Monday, March 24, 2025

Big Buddha

 


“Silence is golden in the spiritual realm,” I reminded myself and my readers a couple of posts back and so my little pilgrimage to the Big Buddha on Lantau Island seemed the perfect way to end my marvelous time here in Hong Kong. But not before finally using my swim suit I had brought with me—on the last day. Even though just three minutes into doing laps, the hotel lifeguard said he needed to leave and I couldn’t swim anymore! Oh well! At least my suit got wet.

 

Then off on the shuttle bus to the cable car taking folks up to the Po Lin Monastery where Big Buddha sits looking over the city. Not a San Francisco-style cable car, more like the ski-lift gondolas. I expected a short trip, but it was in fact 25 minutes soaring far above the island. Out into a touristed little village and then the walk to the stairs that led to Buddha. 

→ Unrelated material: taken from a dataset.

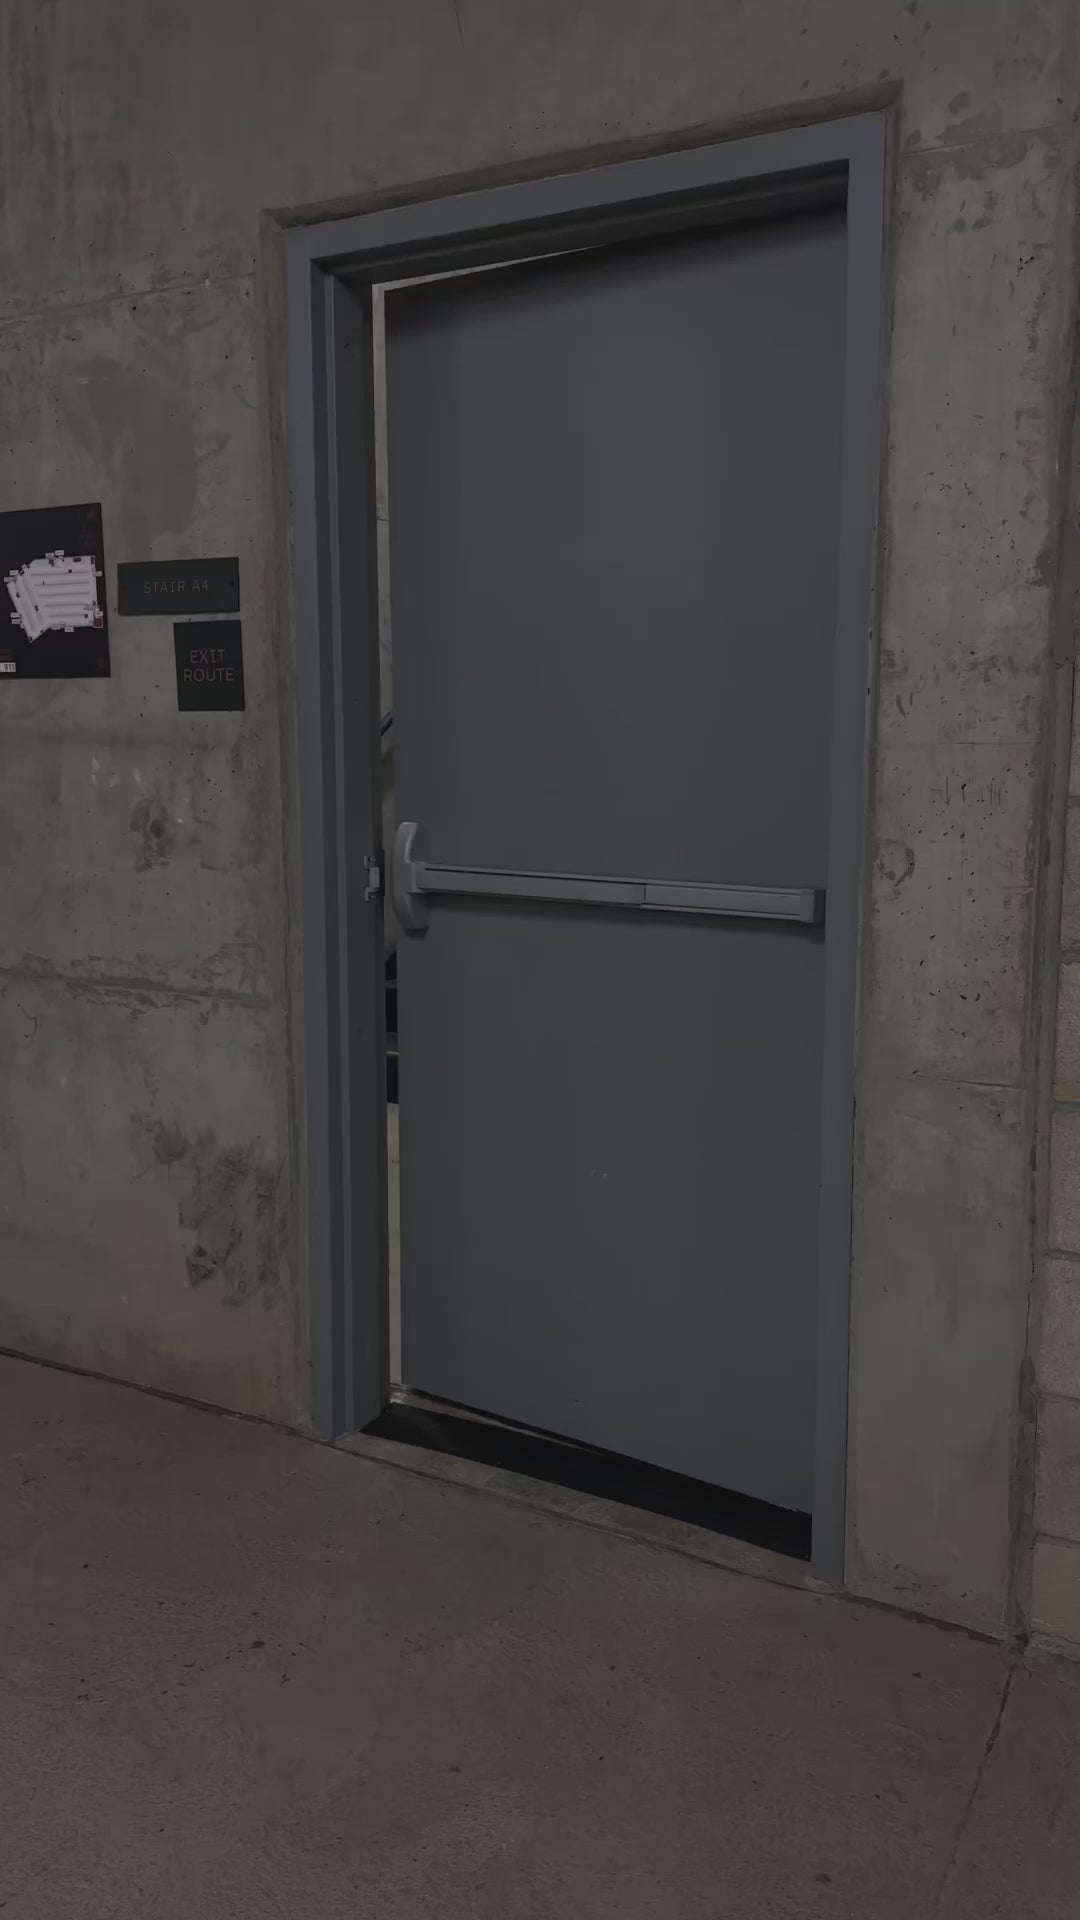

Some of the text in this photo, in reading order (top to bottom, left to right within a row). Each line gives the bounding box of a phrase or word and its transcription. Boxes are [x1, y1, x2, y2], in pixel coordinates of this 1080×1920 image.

The sun was out and hot I was way overdressed in my plane-traveling clothes—jeans and jackets and shoes. So after ascending the steps to the indeed-impressive Buddha (I wondered if it’s bigger than the Buddha in Kamakura, Japan I once visited— it is), I descended and walked over to the monastery. I found some much-needed shade and sat down, eager and ready to take a few deep breaths and enjoy the silence and serenity of a Buddhist monastery. The incense was burning, the birds were singing, the architecture and the various paintings and sculptures of Buddha in his many forms all seemed gathered for this needed moment of tranquility. 

 

And that’s when the chain saws started up. Loud and relentless. First one to my left and then one to my right. I wonder what Buddha would have said. “Hey, guys, can you tone it down a bit? I’m trying to achieve awakening for the liberation of all sentient beings and this noise is really distracting!!” Or would he have just accepted it as sonic energy not to be judged? I’ll never know. But it sure was bugging me.

 

So I walked back to that touristed area and treated myself to an affogato, far out of the range of the chainsaws. But now I had to listen to banal pop music blaring from the speakers and then the guy one table over was talking loudly on his cell phone. Silence may be golden, but the world seems like a conspiracy to overpower it with constant noise and distraction. No wonder we’re so anxious and stressed and confused!

 

Still, it was a lovely day and now it’s ye old airport waiting for my gate number to appear. I posted my appreciations and thanks on Facebook and then talked about coming home like this:

 

I turn home with mixed feelings of coming back to the country I love as if visiting a relative in advanced dementia who I don’t recognize and doesn’t recognize me.  Still he’s my Uncle Sam and I need to help take care of him. See you out on the streets!

 

Hoping that Big Buddha’s compassionate looking over the world to alleviate suffering and awaken compassion will reach as far as the U.S.A.!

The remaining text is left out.